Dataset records
━━━━━━

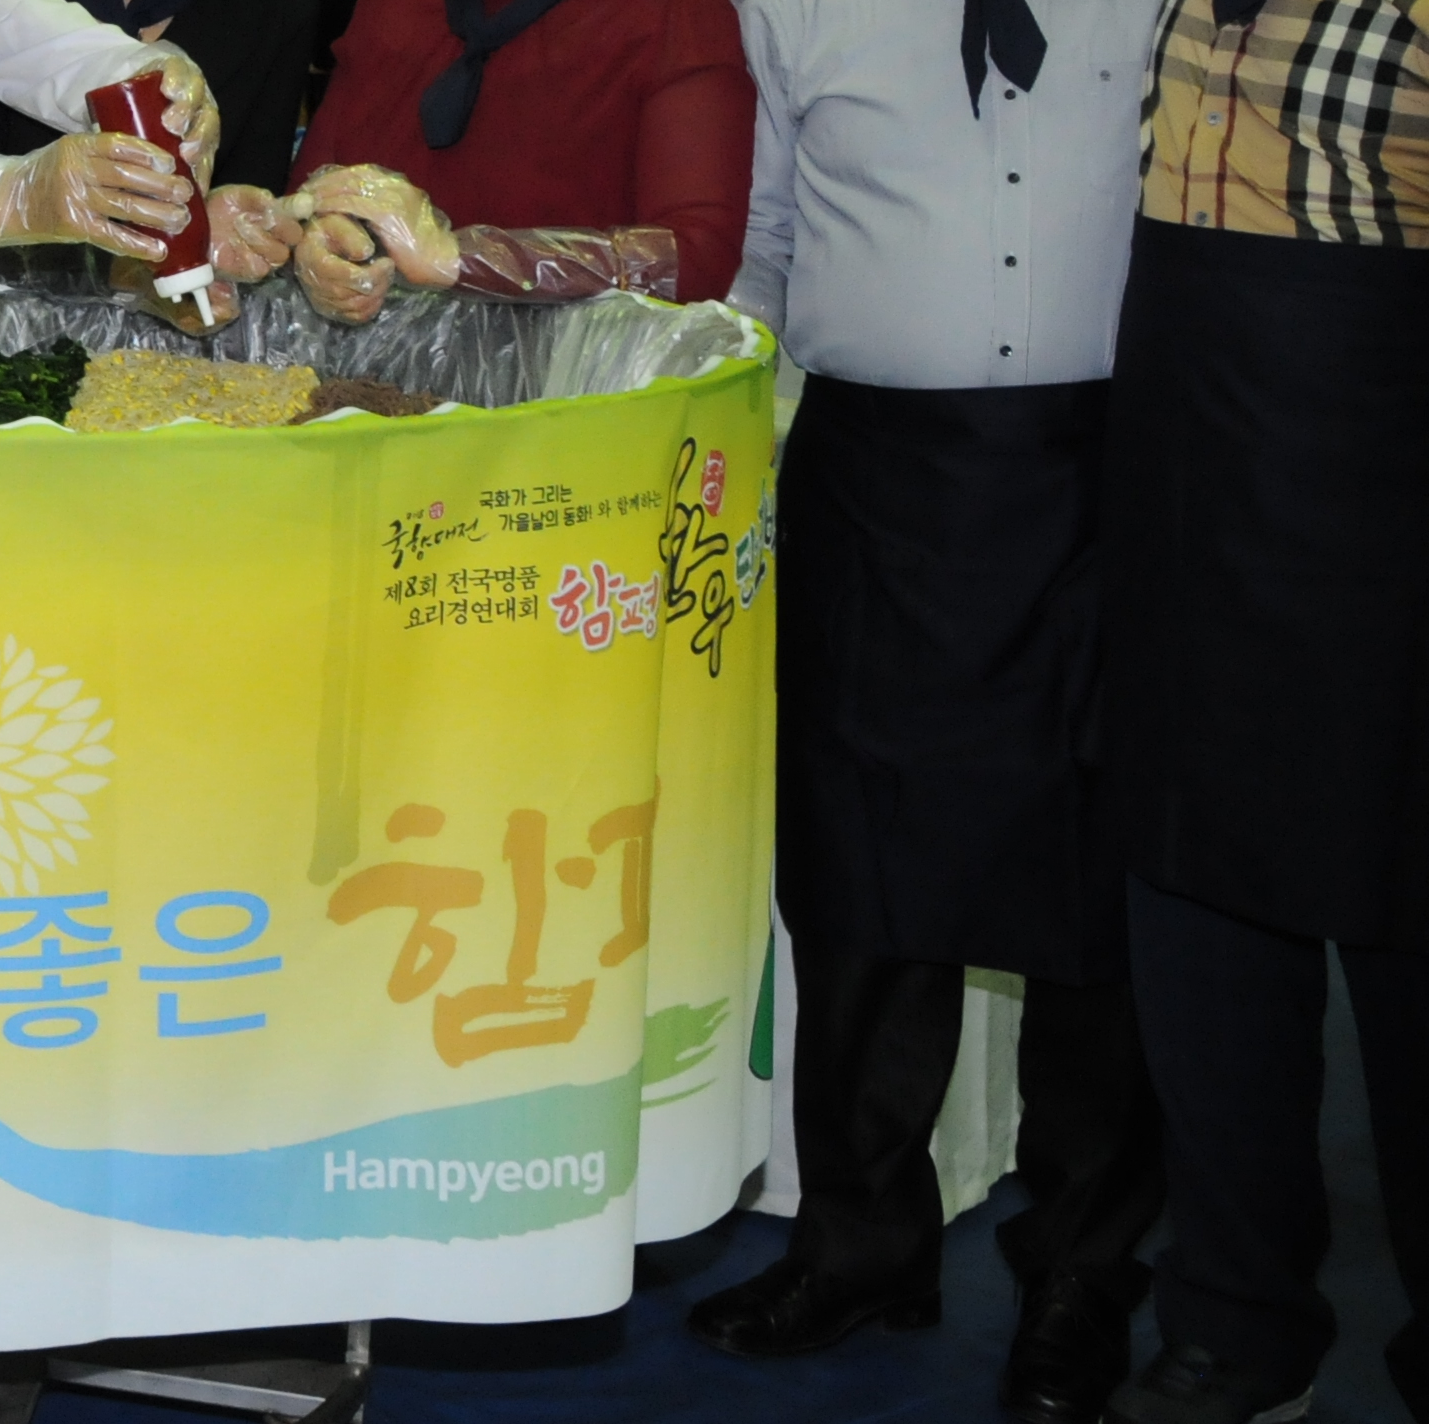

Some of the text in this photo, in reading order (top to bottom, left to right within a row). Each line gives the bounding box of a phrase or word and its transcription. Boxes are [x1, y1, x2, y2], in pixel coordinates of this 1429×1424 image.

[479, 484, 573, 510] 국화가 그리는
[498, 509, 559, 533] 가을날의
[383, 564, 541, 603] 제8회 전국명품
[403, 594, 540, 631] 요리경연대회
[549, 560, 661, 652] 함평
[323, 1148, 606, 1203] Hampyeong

━━━━━━

ASSIGNMENT
Each of the lines above should be transcribed exactly; no image is to be copied.

RESPONSE
Some of the text in this photo, in reading order (top to bottom, left to right within a row). Each line gives the bounding box of a phrase or word and its transcription. Boxes are [x1, y1, x2, y2], in pixel coordinates of this 1429×1424 image.

[479, 484, 573, 510] 국화가 그리는
[498, 509, 559, 533] 가을날의
[383, 564, 541, 603] 제8회 전국명품
[403, 594, 540, 631] 요리경연대회
[549, 560, 661, 652] 함평
[323, 1148, 606, 1203] Hampyeong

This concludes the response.